* YOUR TASK:
Everything in the listing beneath must be transcribed exactly.

* EXTRACTED DATA:
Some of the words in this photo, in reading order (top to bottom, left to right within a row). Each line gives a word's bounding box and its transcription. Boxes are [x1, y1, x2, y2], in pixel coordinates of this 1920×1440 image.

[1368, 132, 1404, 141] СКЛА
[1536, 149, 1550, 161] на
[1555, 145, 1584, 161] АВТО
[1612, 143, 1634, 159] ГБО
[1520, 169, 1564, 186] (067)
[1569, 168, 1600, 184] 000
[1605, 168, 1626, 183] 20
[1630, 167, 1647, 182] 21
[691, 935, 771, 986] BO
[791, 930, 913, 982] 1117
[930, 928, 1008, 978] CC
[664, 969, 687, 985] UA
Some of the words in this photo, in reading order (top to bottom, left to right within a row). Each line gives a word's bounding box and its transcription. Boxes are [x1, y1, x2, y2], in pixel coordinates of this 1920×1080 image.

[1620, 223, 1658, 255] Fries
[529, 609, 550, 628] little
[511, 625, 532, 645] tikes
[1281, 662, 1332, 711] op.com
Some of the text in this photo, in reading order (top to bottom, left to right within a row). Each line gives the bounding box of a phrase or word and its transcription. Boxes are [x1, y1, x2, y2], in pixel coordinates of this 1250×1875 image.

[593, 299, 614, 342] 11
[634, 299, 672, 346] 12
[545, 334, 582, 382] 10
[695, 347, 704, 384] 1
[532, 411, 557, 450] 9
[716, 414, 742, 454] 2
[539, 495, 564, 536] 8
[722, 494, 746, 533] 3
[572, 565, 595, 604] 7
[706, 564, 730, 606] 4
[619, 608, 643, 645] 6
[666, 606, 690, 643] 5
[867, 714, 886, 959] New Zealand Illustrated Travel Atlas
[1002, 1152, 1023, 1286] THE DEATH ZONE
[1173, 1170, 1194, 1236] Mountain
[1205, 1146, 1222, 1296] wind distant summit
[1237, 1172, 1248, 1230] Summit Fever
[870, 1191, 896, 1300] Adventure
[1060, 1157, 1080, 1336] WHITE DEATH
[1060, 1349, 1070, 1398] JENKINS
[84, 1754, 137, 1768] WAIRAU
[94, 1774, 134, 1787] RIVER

* RESULT OF THE TASK:
Some of the words in this photo, in reading order (top to bottom, left to right within a row). Each line gives a word's bounding box and its transcription. Boxes are [x1, y1, x2, y2], in pixel coordinates of this 1920×1440 image.

[1368, 132, 1404, 141] СКЛА
[1536, 149, 1550, 161] на
[1555, 145, 1584, 161] АВТО
[1612, 143, 1634, 159] ГБО
[1520, 169, 1564, 186] (067)
[1569, 168, 1600, 184] 000
[1605, 168, 1626, 183] 20
[1630, 167, 1647, 182] 21
[691, 935, 771, 986] BO
[791, 930, 913, 982] 1117
[930, 928, 1008, 978] CC
[664, 969, 687, 985] UA
Some of the words in this photo, in reading order (top to bottom, left to right within a row). Each line gives a word's bounding box and its transcription. Boxes are [x1, y1, x2, y2], in pixel coordinates of this 1920×1080 image.

[1620, 223, 1658, 255] Fries
[529, 609, 550, 628] little
[511, 625, 532, 645] tikes
[1281, 662, 1332, 711] op.com
Some of the text in this photo, in reading order (top to bottom, left to right within a row). Each line gives the bounding box of a phrase or word and its transcription. Boxes are [x1, y1, x2, y2], in pixel coordinates of this 1250×1875 image.

[593, 299, 614, 342] 11
[634, 299, 672, 346] 12
[545, 334, 582, 382] 10
[695, 347, 704, 384] 1
[532, 411, 557, 450] 9
[716, 414, 742, 454] 2
[539, 495, 564, 536] 8
[722, 494, 746, 533] 3
[572, 565, 595, 604] 7
[706, 564, 730, 606] 4
[619, 608, 643, 645] 6
[666, 606, 690, 643] 5
[867, 714, 886, 959] New Zealand Illustrated Travel Atlas
[1002, 1152, 1023, 1286] THE DEATH ZONE
[1173, 1170, 1194, 1236] Mountain
[1205, 1146, 1222, 1296] wind distant summit
[1237, 1172, 1248, 1230] Summit Fever
[870, 1191, 896, 1300] Adventure
[1060, 1157, 1080, 1336] WHITE DEATH
[1060, 1349, 1070, 1398] JENKINS
[84, 1754, 137, 1768] WAIRAU
[94, 1774, 134, 1787] RIVER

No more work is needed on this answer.